Abstract
Purpose. To evaluate an interaction between simvastatin and itraconazole in in vitro studies and to attempt a quantitative prediction of in vivo interaction in humans.
Methods. The inhibitory effect of itraconazole on simvastatin metabolism was evaluated using human liver microsomes and the Ki values were calculated for the unbound drug in the reaction mixture. A physiologically-based pharmacokinetic model was used to predict the maximum in vivo drug-drug interaction.

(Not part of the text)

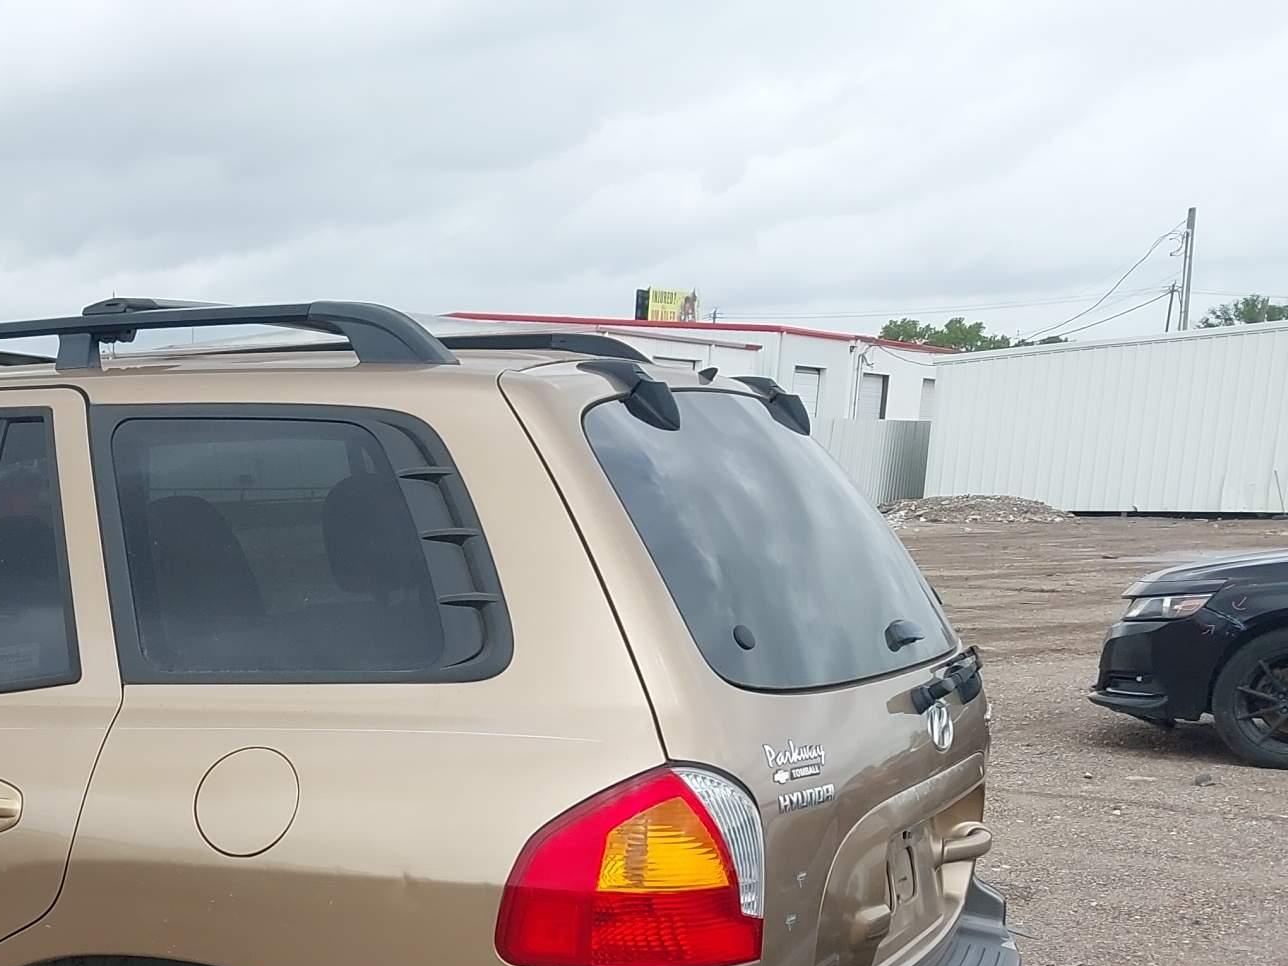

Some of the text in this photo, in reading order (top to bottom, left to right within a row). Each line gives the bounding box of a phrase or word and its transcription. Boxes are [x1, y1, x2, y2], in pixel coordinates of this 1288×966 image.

Results. Itraconazole competitively inhibited the metabolism of simvastatin to M-1 and M-2 with Ki values in the nM range. The area under the curve (AUC) of simvastatin after concomitant dosing with itraconazole was predicted to increase ca. 84-101-fold compared with that without administration of itraconazole. Taking into consideration the fact that this method predicts the maximum interaction, this agrees well with the clinical observation of a 19-fold increase. A similar prediction, based on the Ki value without taking into account the drug adsorption to microsomes, led to an underevaluation of the interaction.
Conclusions. It was demonstrated that the competitive inhibition of CYP3A4-mediated simvastatin metabolism by itraconazole is the main cause of the drug interaction and that a Ki value corrected for drug adsorption to microsomes is the key factor in quantitatively predicting the maximum in vivo drug interactions.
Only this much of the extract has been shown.